Buongiorno a tutti.
Non è la prima riflessione che propongo qui sul forum ma, credo, quella che fino ad oggi mi ha scosso più profondamente.
Come alcuni di voi avranno letto, soffro di ansia d’intensità “altalenante” fin da che ne ho memoria e di derealizzazione da ottobre del 2018.
A differenza di quanto si possa pensare, non focalizzerò l’attenzione di questa riflessione sulla depersonalizzazione ma, forse, su qualcosa di perfino più complesso.
La domanda che mi pongo innanzitutto è: in quali frangenti, ammesso che tali frangenti esistano, della vita possiamo dire di essere realmente e genuinamente noi stessi?
Insomma, credo sia chiaro a tutti come ciò che siamo e come ci esprimiamo e comportiamo subisca costantemente delle variazioni più o meno profonde a seconda del luogo, contesto e genere di interlocutori che ci troviamo davanti.

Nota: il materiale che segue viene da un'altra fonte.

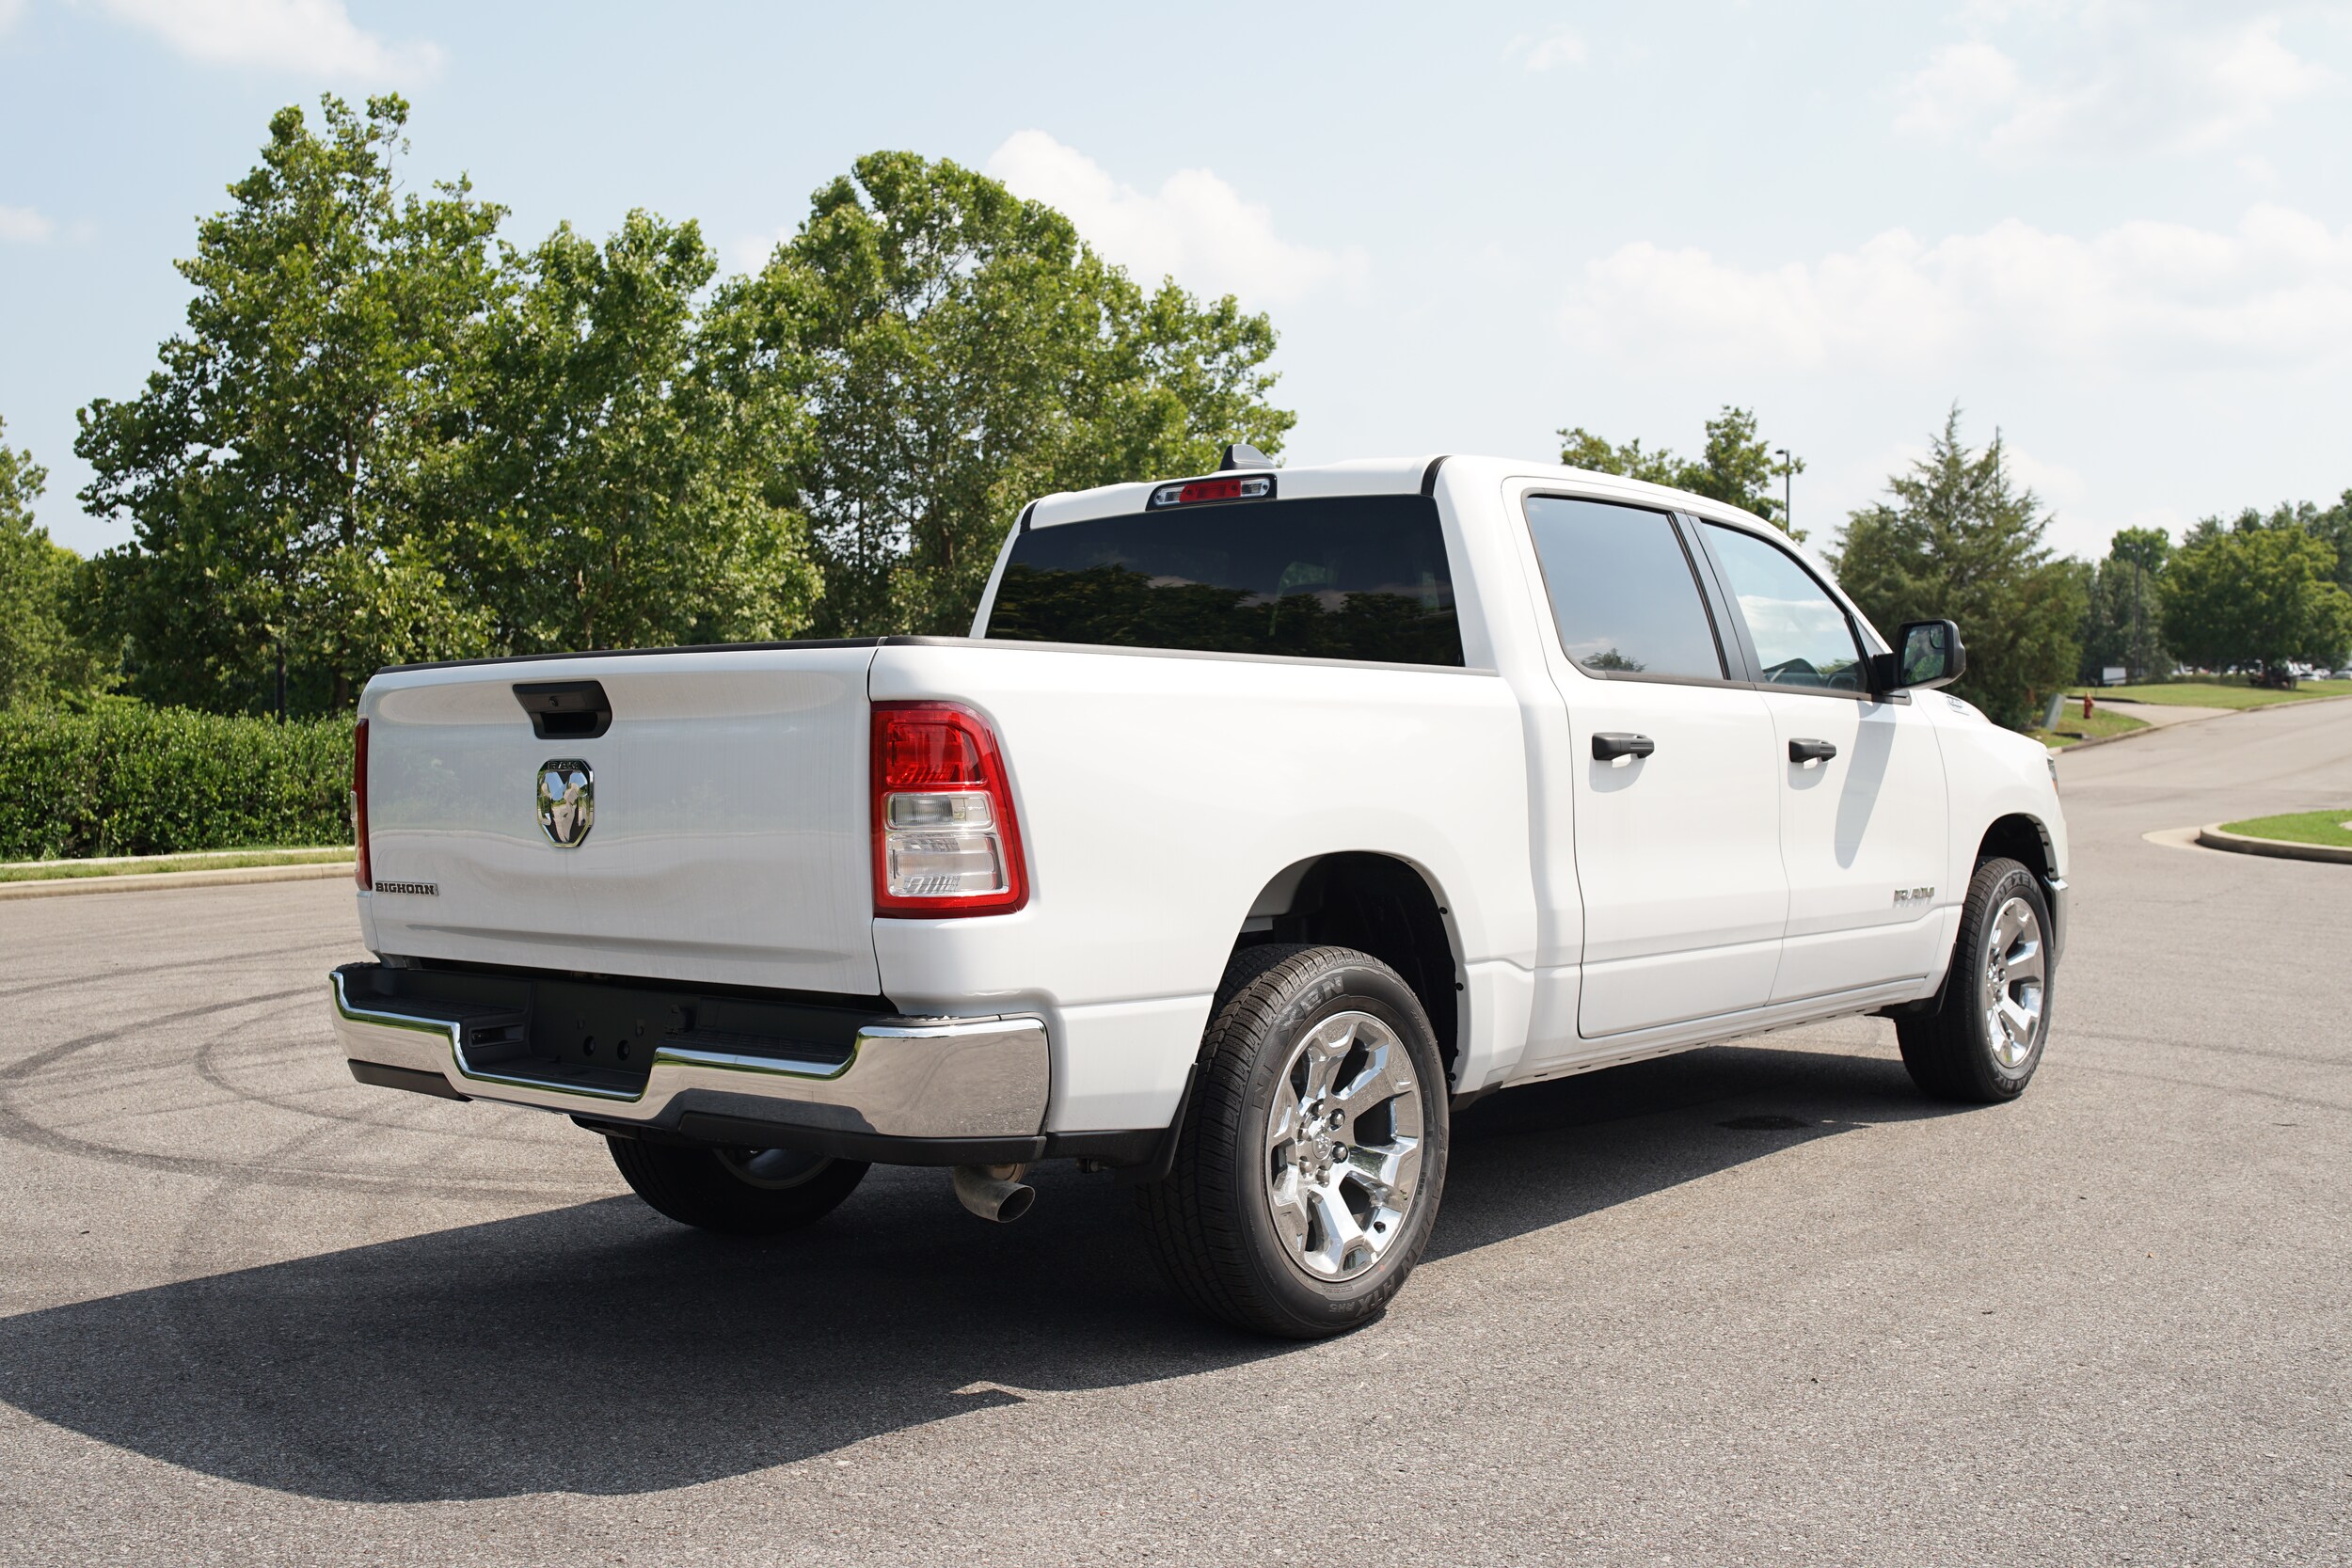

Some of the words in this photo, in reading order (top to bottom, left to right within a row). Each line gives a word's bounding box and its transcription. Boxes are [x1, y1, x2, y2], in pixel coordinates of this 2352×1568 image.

[547, 761, 580, 769] RAM
[375, 882, 435, 895] BIGHORN
[1894, 887, 1934, 902] RAM
[1995, 872, 2038, 904] NEXEN
[1356, 1275, 1396, 1317] HTX
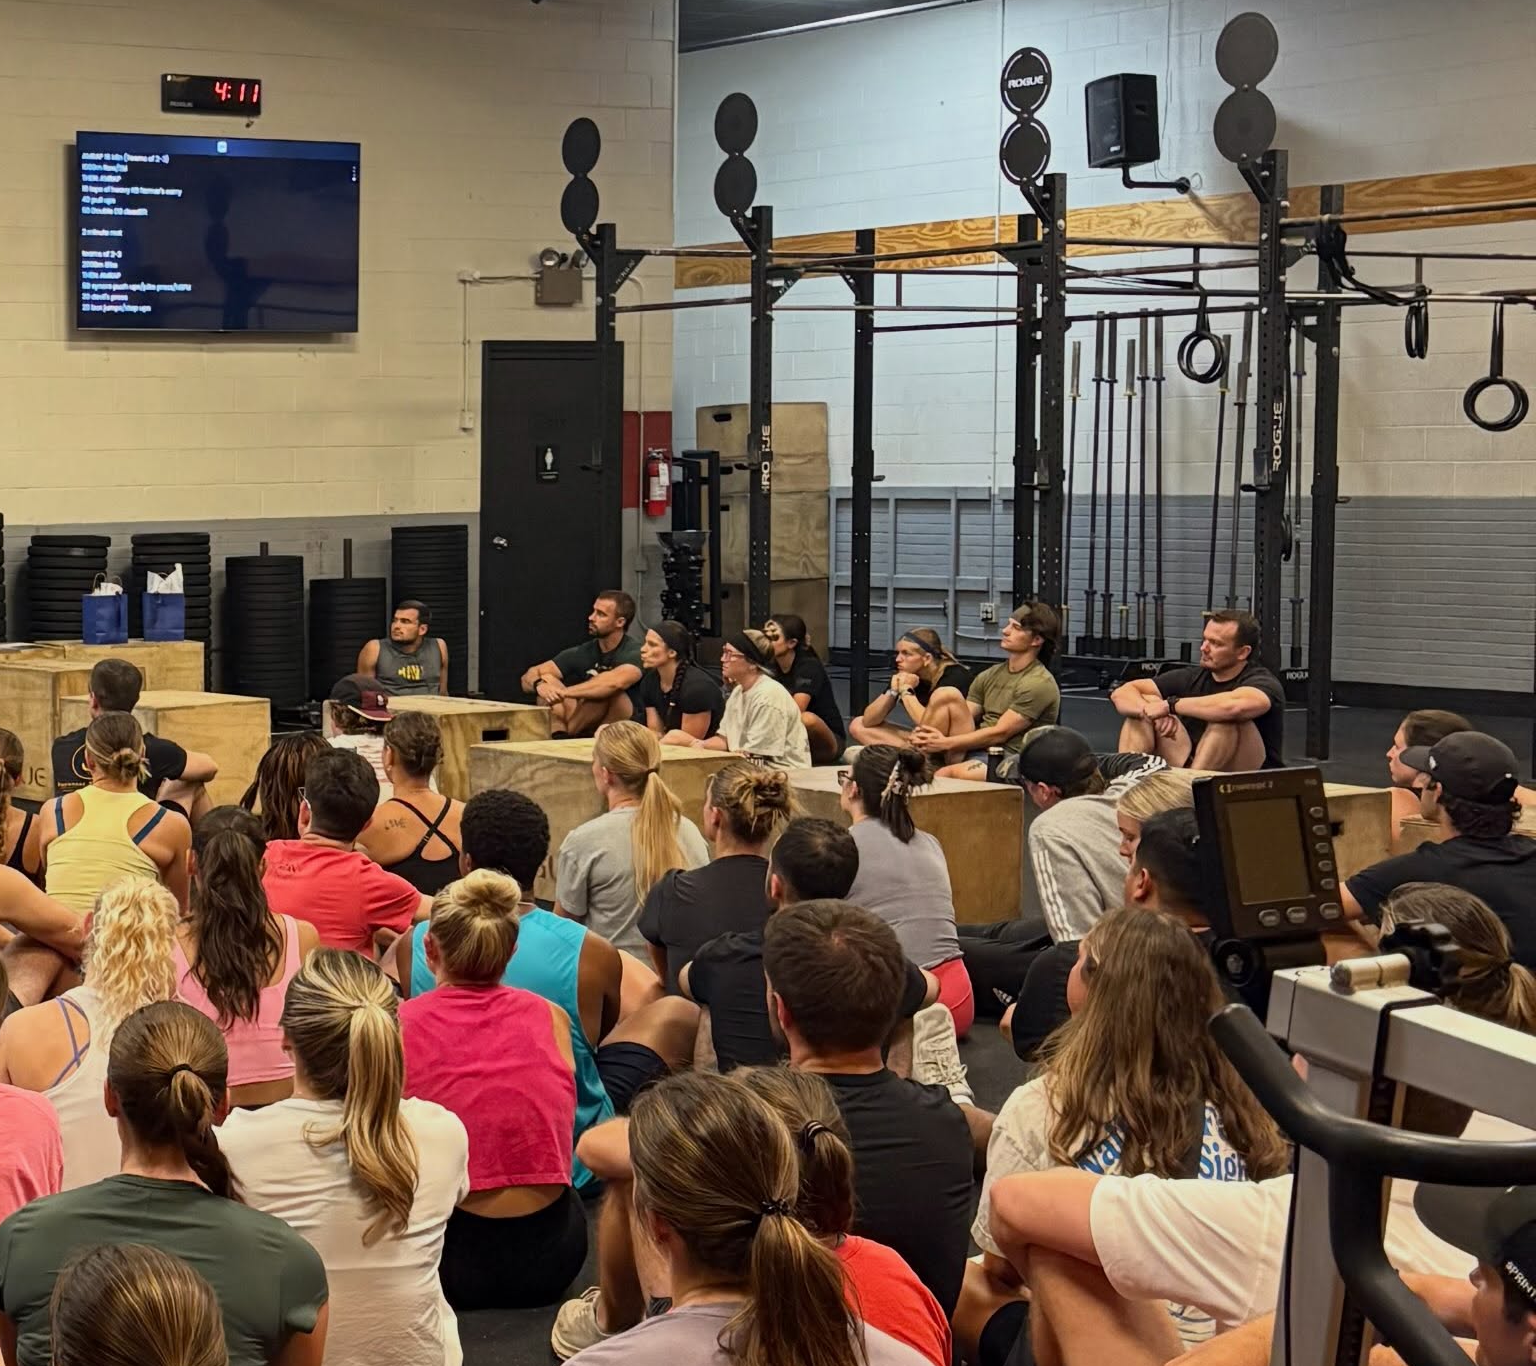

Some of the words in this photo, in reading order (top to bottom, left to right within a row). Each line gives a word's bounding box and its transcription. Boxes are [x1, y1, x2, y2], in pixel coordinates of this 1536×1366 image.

[1008, 75, 1045, 89] ROGUE
[215, 81, 260, 104] 4:11
[1272, 401, 1283, 472] ROGUE
[1141, 662, 1162, 671] ROG
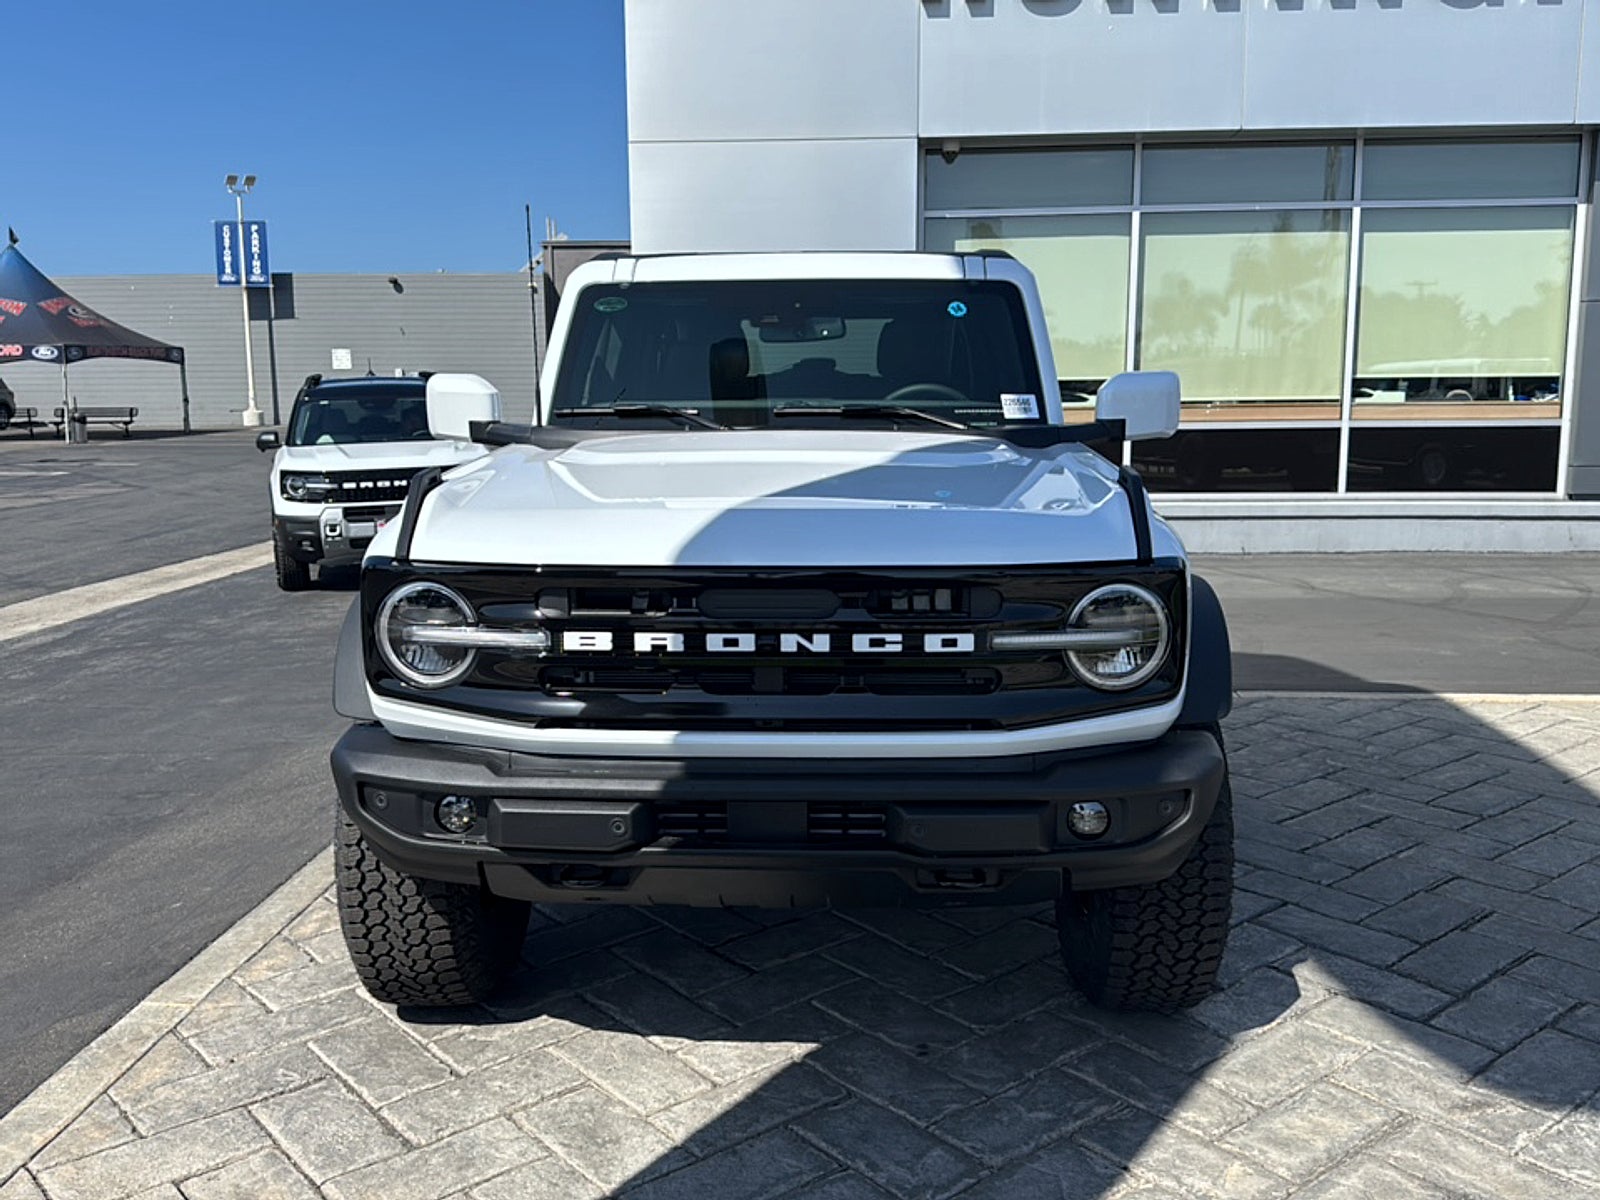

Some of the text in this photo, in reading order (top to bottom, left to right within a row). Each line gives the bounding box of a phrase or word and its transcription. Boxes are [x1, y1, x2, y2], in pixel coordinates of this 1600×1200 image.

[223, 225, 232, 275] CUSTOMER
[251, 224, 261, 275] PARKING
[342, 480, 408, 489] BRON
[563, 631, 975, 652] BRONCO

Plasmiamo il nostro essere più profondo un po’ per cercare di eludere almeno parzialmente la differenza che intercorre tra ogni essere umano e di eliminare quell’incomunicabilità più o meno forte, tipica della nostra natura; un po’ per assecondare il nostro insaziabile istinto di sentirci accettati, simili a qualcuno e parte di qualcosa di più grande della nostra singola individualità.
Ma fino a che punto?
Mi spiego: se c’è una cosa che la derealizzazione mi ha insegnato è che spesso e volentieri nasce da un conflitto interno in noi stessi.
E la domanda che mi sono posto (e che mi ha destabilizzato) è stata questa: e se tutto ciò che sono (o meglio: che credo di essere) non fosse altro che una bugia, una maschera progettata ad arte per poter sempre ed esclusivamente compiacere gli altri?
Perché, se da una parte è fisiologico e umano plasmarsi per potersi adattare ai vari contesti, dall’altra è deleterio e distruttivo rinunciare inconsciamente ad essere sé stessi per paura del rifiuto, dell’allontanamento, della solitudine.
Ho paura di aver per tutta la vita rinunciato ad essere me stesso, a seguire le mie passioni, a vivere la mia vita a causa delle pressioni fatte prima dalla mia famiglia, poi dagli amici e, infine, dalle donne che ho frequentato in passato.
Ho cercato fino allo sfinimento di evitate qualunque tipo di conflitto, salvo poi rompere qualcosa dentro di me.
E adesso non so più chi sono.
Se ciò che sono stato fino ad oggi sia io o un fantasma inventato per non deludere gli altri, per non vedere i miei genitori litigare, per non venire abbandonato dagli amici o dall’amore.
E adesso mi sento estraneo a me stesso.